- _GIVEN DATA_
+ + + + +

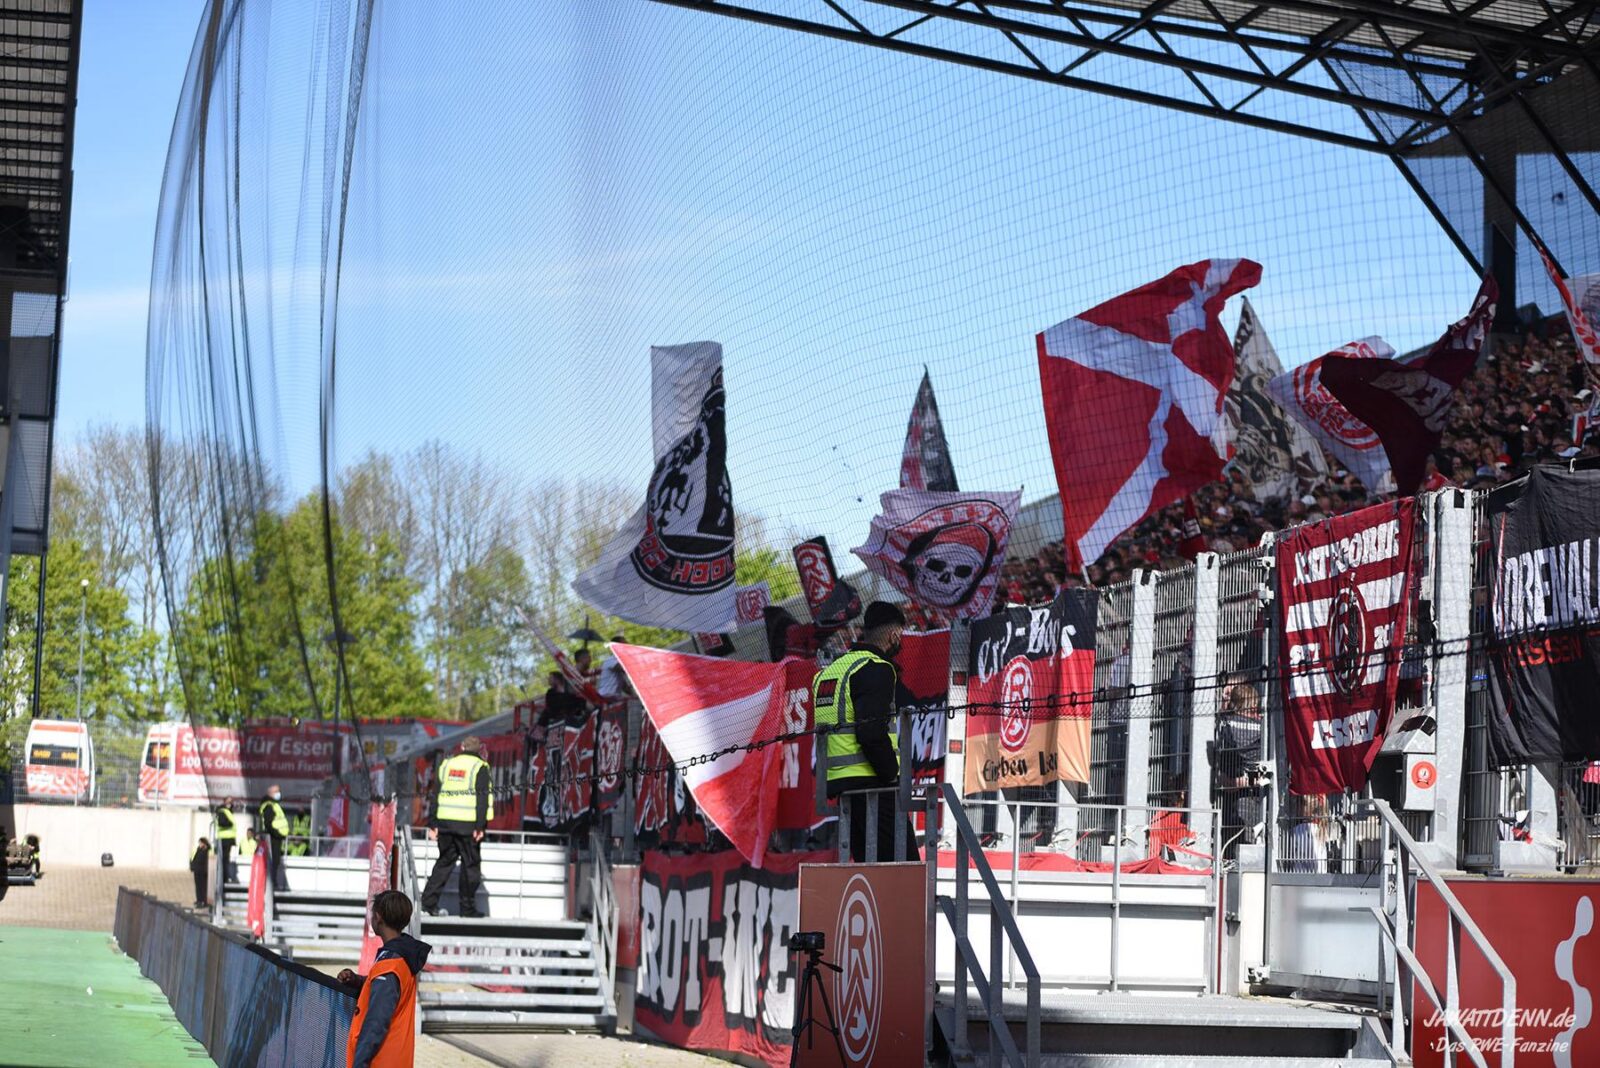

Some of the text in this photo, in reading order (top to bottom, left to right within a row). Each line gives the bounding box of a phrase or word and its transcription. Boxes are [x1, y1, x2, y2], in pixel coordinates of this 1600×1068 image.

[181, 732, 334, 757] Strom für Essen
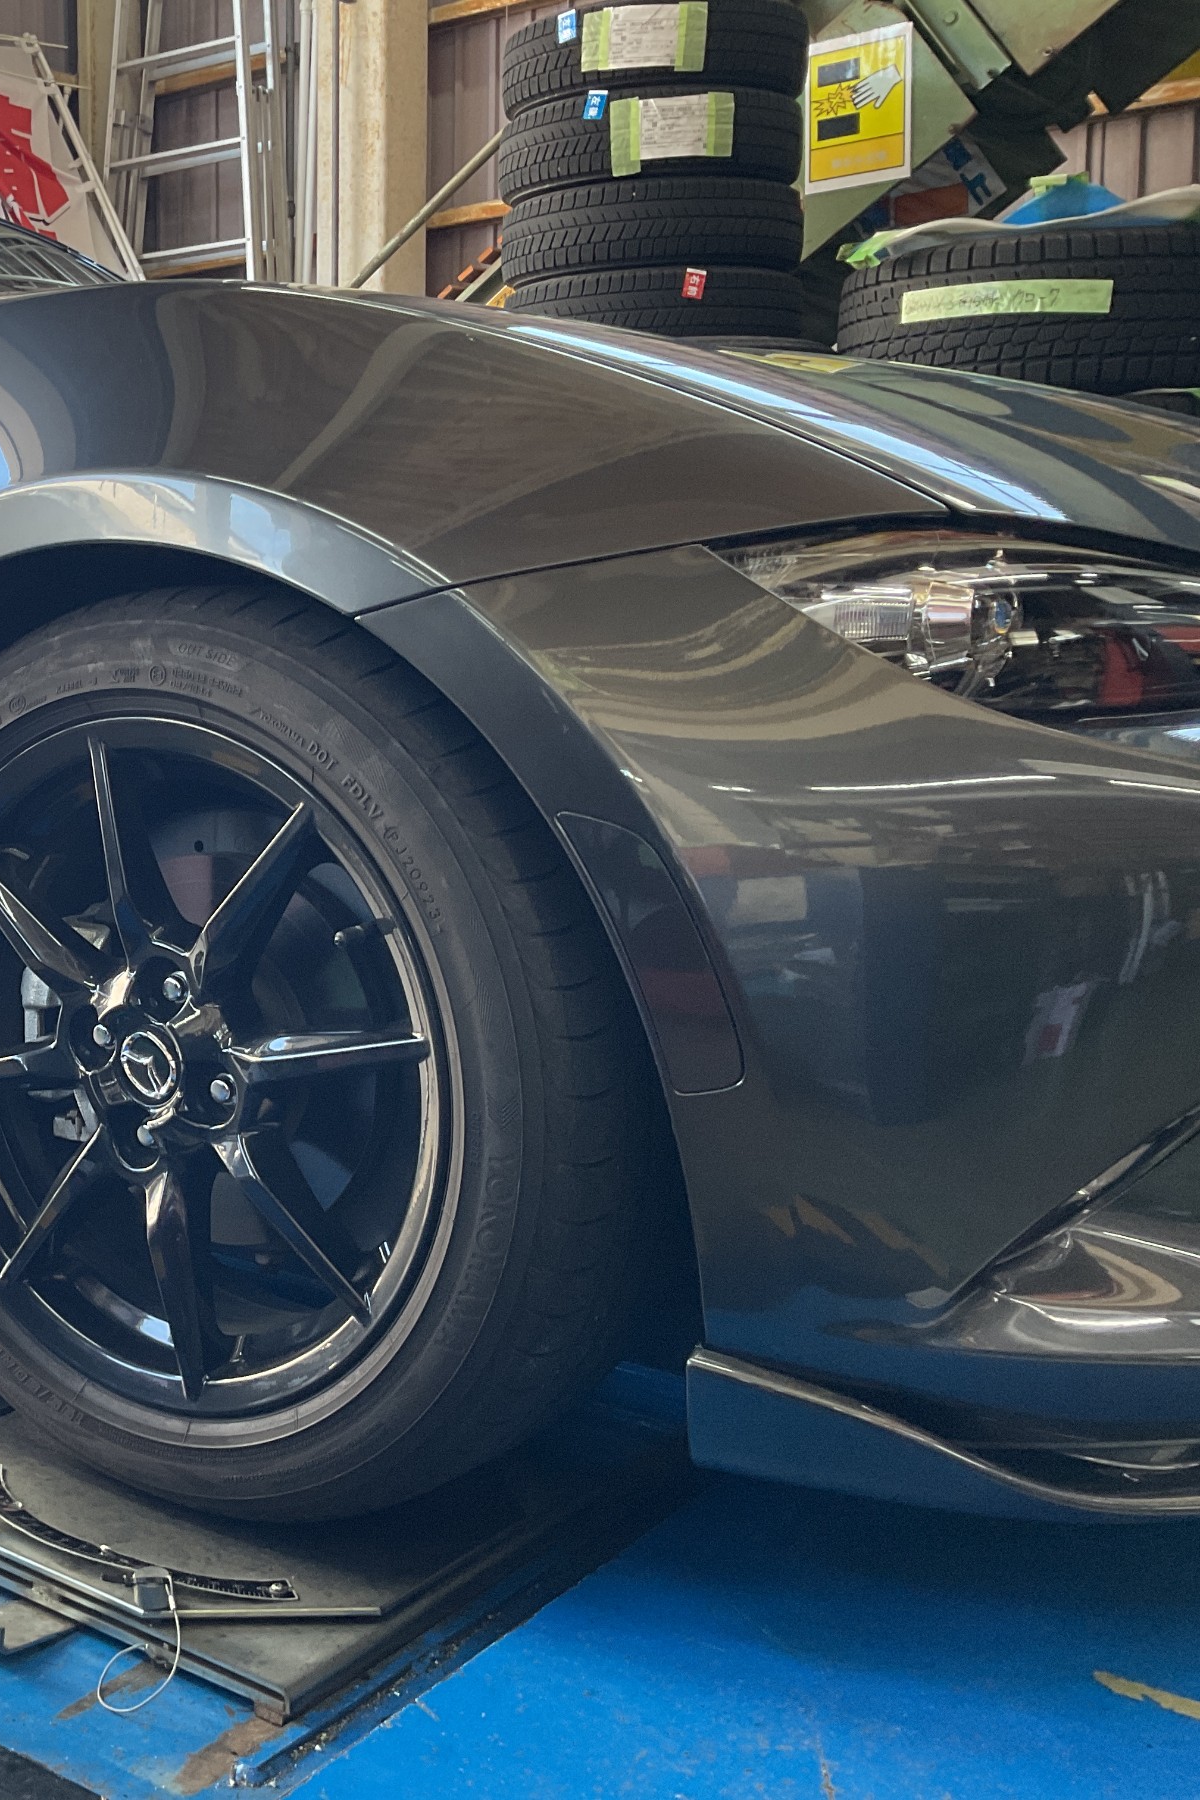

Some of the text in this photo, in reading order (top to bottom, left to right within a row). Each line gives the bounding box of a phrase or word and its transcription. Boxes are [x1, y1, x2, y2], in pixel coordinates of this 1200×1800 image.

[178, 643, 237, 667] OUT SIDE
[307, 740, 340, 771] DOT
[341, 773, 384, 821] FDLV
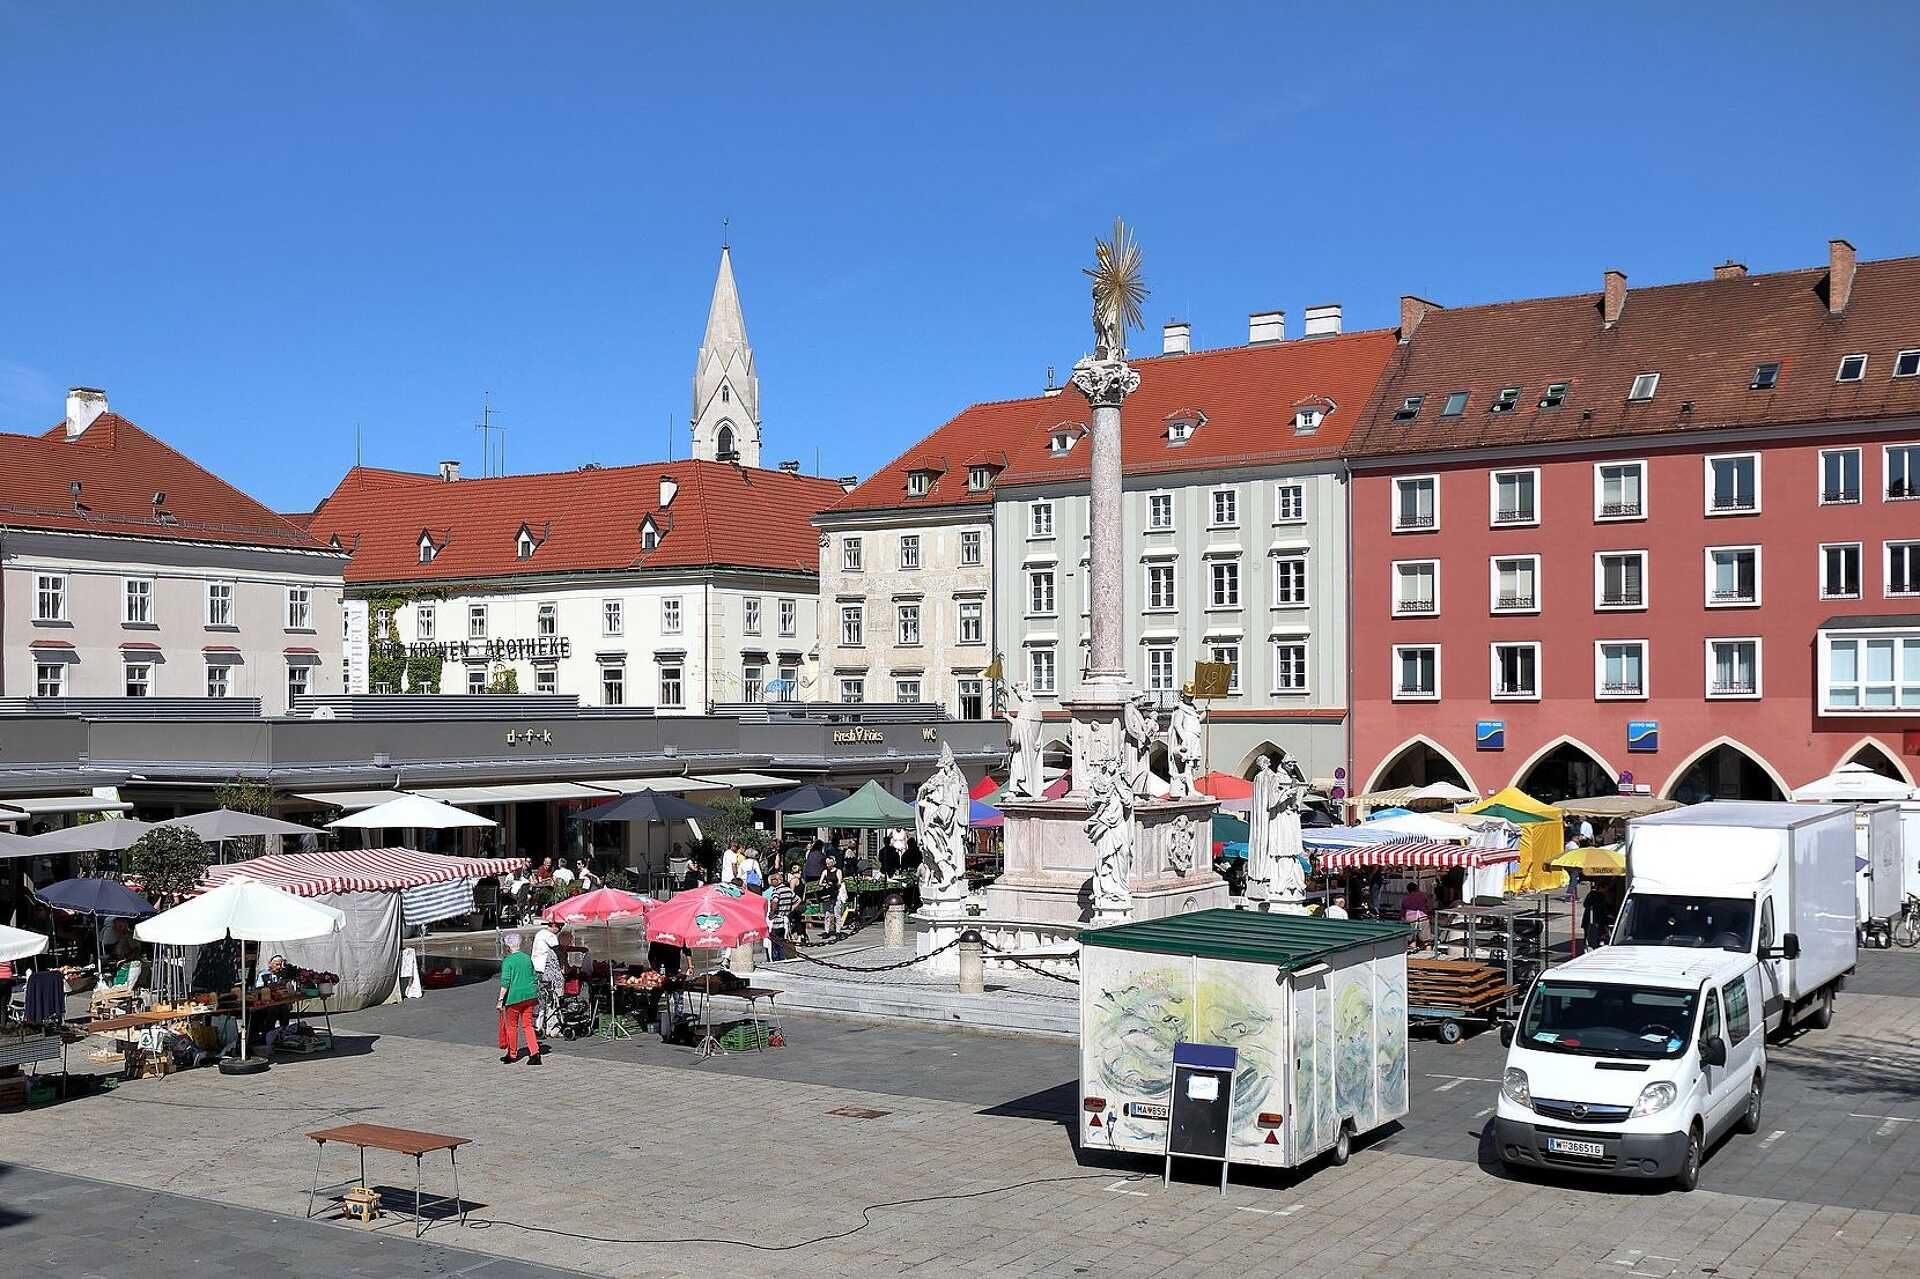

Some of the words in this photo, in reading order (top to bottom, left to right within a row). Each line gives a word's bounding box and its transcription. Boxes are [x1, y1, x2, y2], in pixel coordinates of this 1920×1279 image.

+ + + + +

- _ASSIGNMENT_
Exclude the pictures, and output exactly the lines from the one with "this 1200×1800 image." through the last line of the records, both included.

- _RESULT OF THE TASK_
Some of the text in this photo, in reading order (top to bottom, left to right within a row). Each line gives the bounding box of a phrase or word and its transcription. Boxes are [x1, y1, x2, y2], in pixel coordinates of this 1200×1800 image.

[178, 643, 237, 667] OUT SIDE
[307, 740, 340, 771] DOT
[341, 773, 384, 821] FDLV

Some of the words in this photo, in reading order (top to bottom, left to right within a row). Each line gives a word's bounding box and its transcription. Boxes are [x1, y1, x2, y2], in pixel coordinates of this 1920×1279 image.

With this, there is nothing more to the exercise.